● **EXERCISE DESCRIPTION**: Write out, word for word, every line from the one containing "this 1600×1067 image." through the last line of the records below, both ends included.

....

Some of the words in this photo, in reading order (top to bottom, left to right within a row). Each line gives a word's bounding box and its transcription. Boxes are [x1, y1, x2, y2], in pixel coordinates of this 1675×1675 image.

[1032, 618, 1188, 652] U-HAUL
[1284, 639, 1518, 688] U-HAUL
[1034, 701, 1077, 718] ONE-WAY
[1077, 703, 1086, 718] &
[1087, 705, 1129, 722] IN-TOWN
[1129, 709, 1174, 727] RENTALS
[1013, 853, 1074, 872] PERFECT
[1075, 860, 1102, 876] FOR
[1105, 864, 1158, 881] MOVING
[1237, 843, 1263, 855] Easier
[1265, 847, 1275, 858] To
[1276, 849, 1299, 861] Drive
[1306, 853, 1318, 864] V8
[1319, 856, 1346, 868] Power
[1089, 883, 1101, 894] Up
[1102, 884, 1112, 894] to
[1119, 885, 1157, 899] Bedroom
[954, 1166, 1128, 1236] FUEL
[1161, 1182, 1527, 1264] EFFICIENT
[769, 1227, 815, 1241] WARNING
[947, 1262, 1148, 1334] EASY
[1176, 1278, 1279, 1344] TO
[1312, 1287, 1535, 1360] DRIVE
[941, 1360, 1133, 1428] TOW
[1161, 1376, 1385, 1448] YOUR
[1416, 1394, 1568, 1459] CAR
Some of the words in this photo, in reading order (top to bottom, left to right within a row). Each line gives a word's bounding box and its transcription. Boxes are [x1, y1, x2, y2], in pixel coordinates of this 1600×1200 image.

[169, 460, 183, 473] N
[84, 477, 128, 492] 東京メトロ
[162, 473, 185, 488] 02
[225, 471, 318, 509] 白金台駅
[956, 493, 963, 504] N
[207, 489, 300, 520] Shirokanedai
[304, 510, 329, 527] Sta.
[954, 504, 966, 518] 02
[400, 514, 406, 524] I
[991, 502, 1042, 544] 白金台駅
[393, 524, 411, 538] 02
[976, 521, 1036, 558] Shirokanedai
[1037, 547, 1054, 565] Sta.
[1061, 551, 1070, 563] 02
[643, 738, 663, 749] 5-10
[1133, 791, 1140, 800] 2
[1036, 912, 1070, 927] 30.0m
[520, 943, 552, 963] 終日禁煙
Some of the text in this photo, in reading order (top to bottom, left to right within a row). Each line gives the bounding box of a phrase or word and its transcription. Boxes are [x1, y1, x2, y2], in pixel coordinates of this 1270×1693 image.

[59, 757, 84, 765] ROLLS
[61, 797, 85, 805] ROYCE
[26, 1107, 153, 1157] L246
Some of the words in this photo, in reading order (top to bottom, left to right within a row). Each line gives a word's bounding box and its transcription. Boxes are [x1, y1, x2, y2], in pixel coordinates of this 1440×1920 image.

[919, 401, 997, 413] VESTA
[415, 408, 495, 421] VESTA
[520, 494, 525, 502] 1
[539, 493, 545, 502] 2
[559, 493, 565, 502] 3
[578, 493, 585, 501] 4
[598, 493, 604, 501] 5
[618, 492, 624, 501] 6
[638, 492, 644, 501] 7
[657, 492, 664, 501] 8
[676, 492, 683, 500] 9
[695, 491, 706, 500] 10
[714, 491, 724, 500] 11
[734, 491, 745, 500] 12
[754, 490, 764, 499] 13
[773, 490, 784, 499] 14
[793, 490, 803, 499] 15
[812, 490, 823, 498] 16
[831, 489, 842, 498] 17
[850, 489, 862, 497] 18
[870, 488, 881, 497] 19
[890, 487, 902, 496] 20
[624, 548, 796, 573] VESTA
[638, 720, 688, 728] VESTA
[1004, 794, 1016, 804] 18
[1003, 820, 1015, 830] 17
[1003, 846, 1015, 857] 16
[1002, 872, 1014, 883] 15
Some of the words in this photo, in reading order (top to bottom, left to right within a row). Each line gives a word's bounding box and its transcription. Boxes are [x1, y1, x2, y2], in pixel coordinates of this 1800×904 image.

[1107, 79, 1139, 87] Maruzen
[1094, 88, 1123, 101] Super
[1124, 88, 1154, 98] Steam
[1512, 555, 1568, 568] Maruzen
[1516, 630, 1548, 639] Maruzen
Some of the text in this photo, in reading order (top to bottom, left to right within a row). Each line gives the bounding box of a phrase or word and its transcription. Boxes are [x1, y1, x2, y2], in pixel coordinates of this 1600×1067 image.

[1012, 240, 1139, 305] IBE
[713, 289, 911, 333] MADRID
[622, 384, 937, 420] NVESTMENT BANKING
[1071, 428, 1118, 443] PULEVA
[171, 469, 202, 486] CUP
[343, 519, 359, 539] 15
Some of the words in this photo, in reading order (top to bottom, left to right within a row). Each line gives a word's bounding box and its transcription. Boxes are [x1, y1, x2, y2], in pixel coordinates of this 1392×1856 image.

....

● **WRITTEN SOLUTION**:
Some of the text in this photo, in reading order (top to bottom, left to right within a row). Each line gives the bounding box of a phrase or word and its transcription. Boxes are [x1, y1, x2, y2], in pixel coordinates of this 1600×1067 image.

[1012, 240, 1139, 305] IBE
[713, 289, 911, 333] MADRID
[622, 384, 937, 420] NVESTMENT BANKING
[1071, 428, 1118, 443] PULEVA
[171, 469, 202, 486] CUP
[343, 519, 359, 539] 15
Some of the words in this photo, in reading order (top to bottom, left to right within a row). Each line gives a word's bounding box and its transcription. Boxes are [x1, y1, x2, y2], in pixel coordinates of this 1392×1856 image.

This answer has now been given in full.